Alguns dias atrás voltei a jogar com alguns velhos amigos. Além da oportunidade para colocar a conversa em dia e ver que certas amizades independem da convivência aproveitei para mostrar meu jogo de Cerrado, o tema do projeto, e fechar um ciclo. Afinal, aquelas foram algumas das pessoas que despertaram meu interesse por jogos. Já era hora de finalmente dar um retorno do que eu aprendi com eles.

A outra coisa legal foi ter uma noção do “estado da arte” em termos de jogos de tabuleiro comerciais e eles continuam antenados  nas novidades. Nessa reunião,  eu fui apresentado ao Root, um jogo criado por Cole Wehrle, lançado em 2019 pela Leder Games e editado no Brasil pela meeplebr. O jogo tem uma história fofinha, com floresta e bichinhos, pelo menos na aparência,. Porém na verdade esse um jogo de guerra.

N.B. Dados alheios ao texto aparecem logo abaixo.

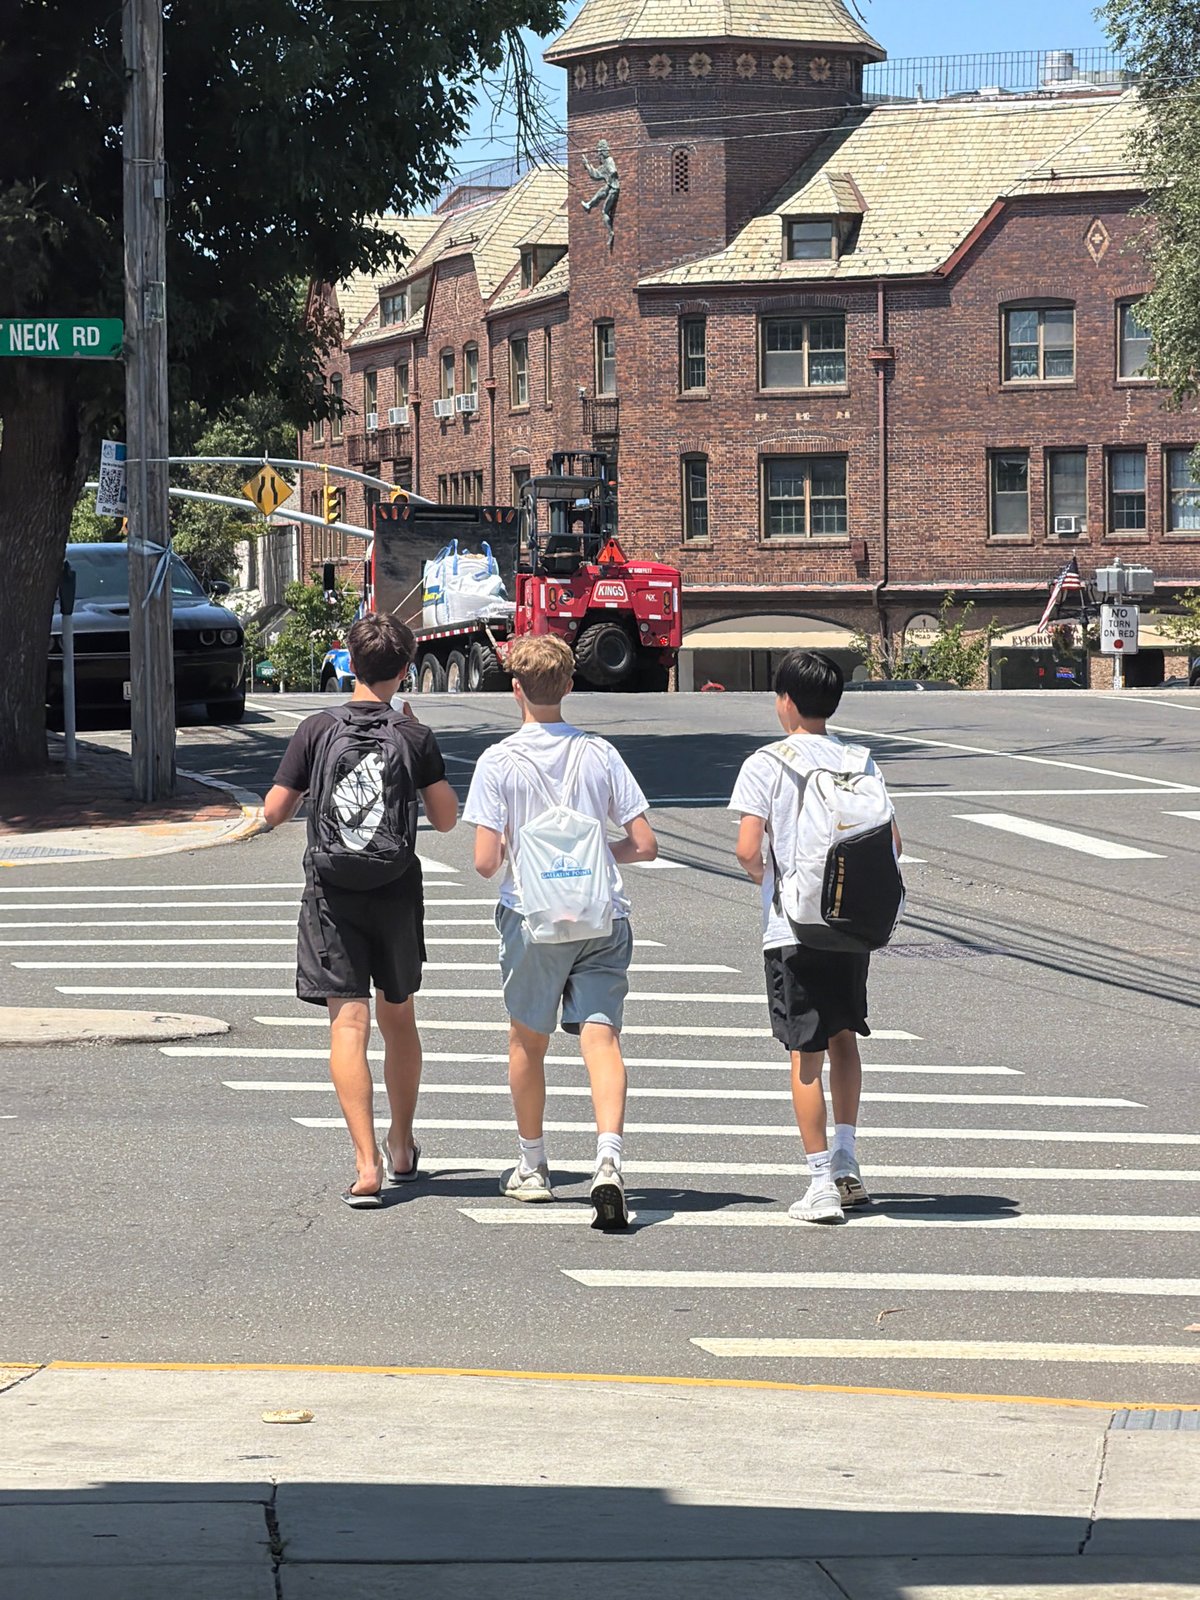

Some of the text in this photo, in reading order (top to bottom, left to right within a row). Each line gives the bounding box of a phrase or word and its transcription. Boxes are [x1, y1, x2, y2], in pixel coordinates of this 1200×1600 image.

[9, 323, 100, 351] NECK RD
[598, 585, 624, 597] KINGS
[1111, 608, 1128, 618] NO
[1109, 620, 1130, 628] TURN
[1103, 629, 1135, 638] ON RED
[1012, 635, 1052, 645] EYEBRO

Segue a minha análise e, para variar, um pouco de imaginação sobre o seu uso educacional.

O jogo de guerra

(Se já conhece esses gênero fique à vontade para pular para o próximo tópico)

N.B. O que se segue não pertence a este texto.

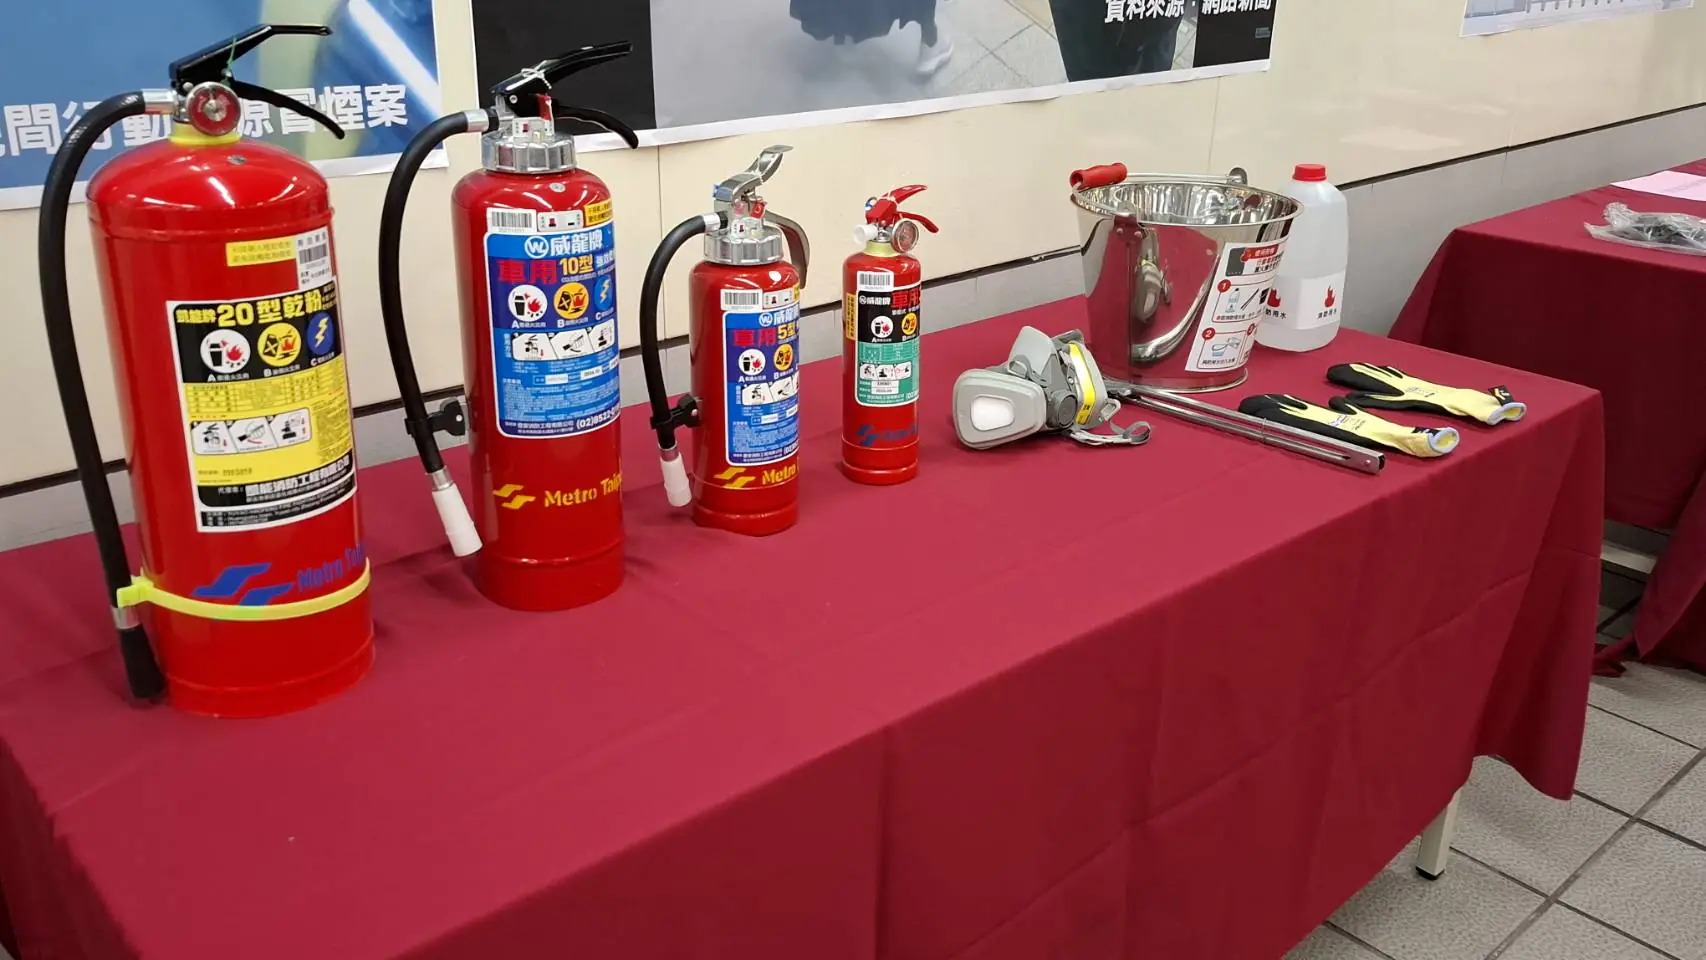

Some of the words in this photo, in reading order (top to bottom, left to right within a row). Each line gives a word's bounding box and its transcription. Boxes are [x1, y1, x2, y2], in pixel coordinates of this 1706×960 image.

Essencialmente, o Wargame ou Jogo de Guerra é um jogo que simula um conflito, podendo abordar tática ou estratégia, pode ser uma batalha específica ou uma guerra inteira. Sua origem é muito antiga, há quem considere que esse gênero começou desde que o primeiro plano de batalha foi desenhado e discutido, isso já seria uma forma crua de wargame. O Xadrez é um exemplo e o Go dos chinese é outro, simulações simples que servem para ensinar aspectos específicos de estratégia.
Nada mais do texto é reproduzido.